AML – Anti-Money Laundering (Geldwäscheprävention)
Einleitung
AML (Anti-Money Laundering) bezeichnet sämtliche gesetzlichen, organisatorischen und operativen Maßnahmen zur Verhinderung von Geldwäsche und Terrorismusfinanzierung.
Der Begriff umfasst sowohl regulatorische Anforderungen als auch deren praktische Umsetzung in Unternehmen.
Definition
AML beschreibt die Gesamtheit aller Maßnahmen zur:
- Verhinderung der Einschleusung illegaler Vermögenswerte
- Aufdeckung verdächtiger Transaktionen
- Meldung von Verdachtsfällen
- Sicherstellung regulatorischer Compliance
Rechtlicher Rahmen
In Deutschland basiert AML insbesondere auf:
- dem Geldwäschegesetz
- europäische Verordnung (AMLR)
- europäischen Richtlinien (EU-Geldwäscherichtlinien)

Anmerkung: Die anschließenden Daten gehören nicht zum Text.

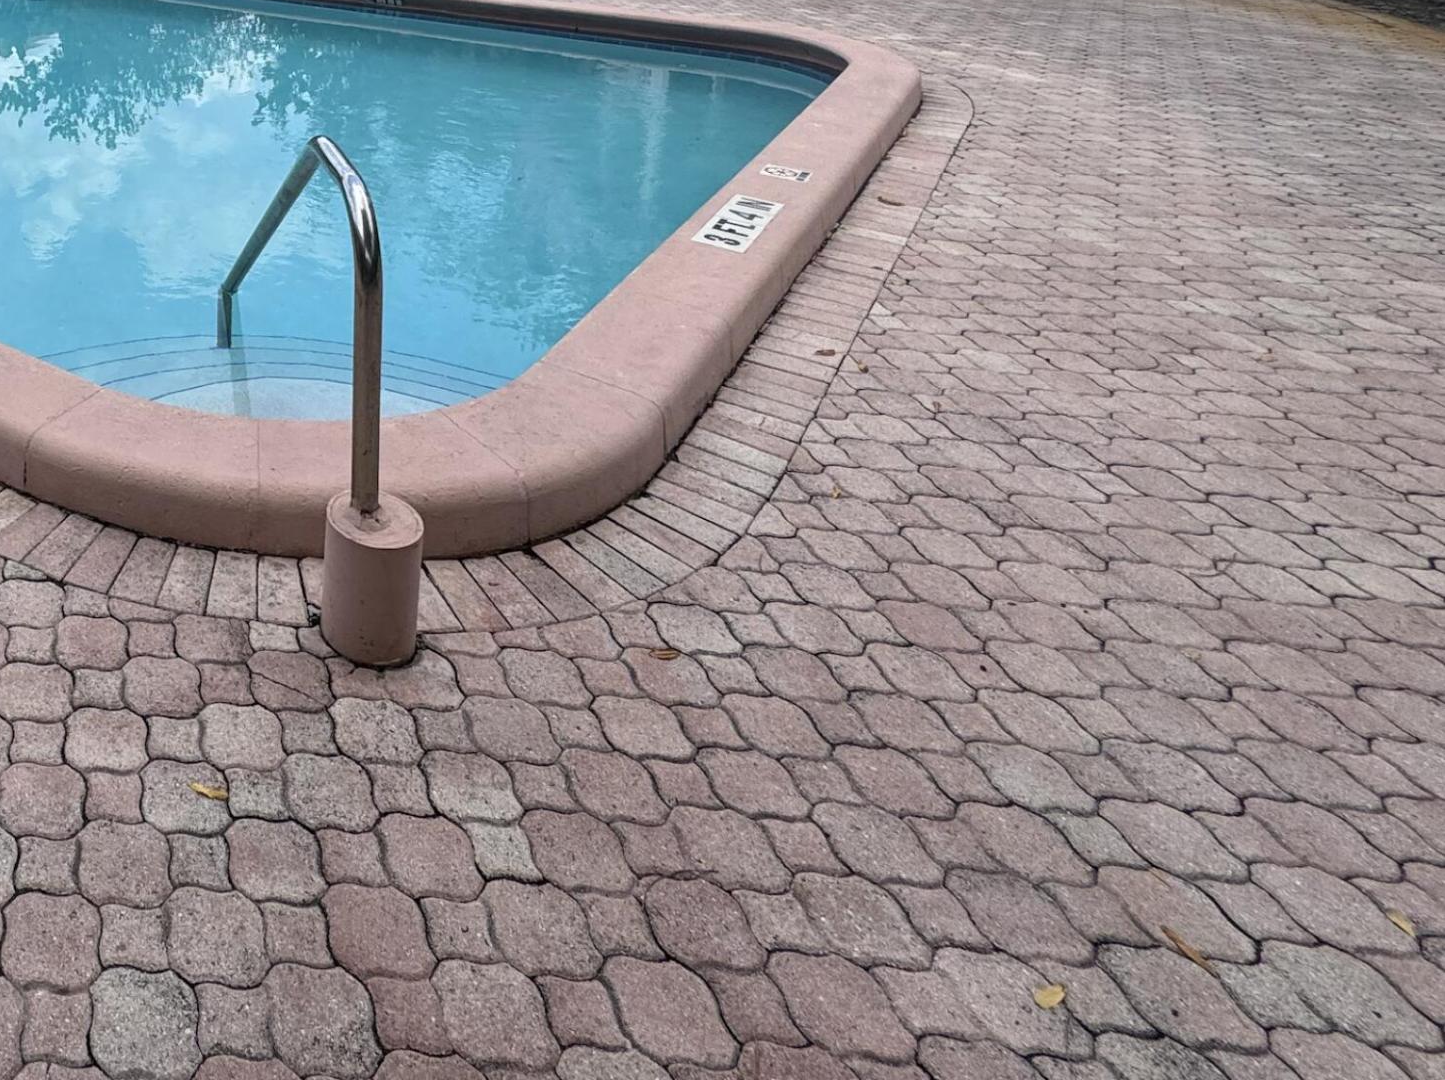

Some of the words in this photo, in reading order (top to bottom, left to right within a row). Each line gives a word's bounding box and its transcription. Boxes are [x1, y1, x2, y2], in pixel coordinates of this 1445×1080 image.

[735, 197, 775, 212] IN
[729, 209, 764, 221] 4
[703, 234, 741, 246] 3

- internationalen Standards der Financial Action Task Force
Zentrale Bestandteile von AML
- Risikobasierter Ansatz
- Sorgfaltspflichten (KYC)
- Transaktionsmonitoring
- Verdachtsmeldungen
- Interne Sicherungsmaßnahmen
Praxisrelevanz
AML ist ein zentraler Bestandteil:
- des Risikomanagements
- der Compliance-Funktion
- der Aufsichtspraxis
Unternehmen müssen sicherstellen, dass AML-Systeme wirksam, dokumentiert und prüfungssicher sind.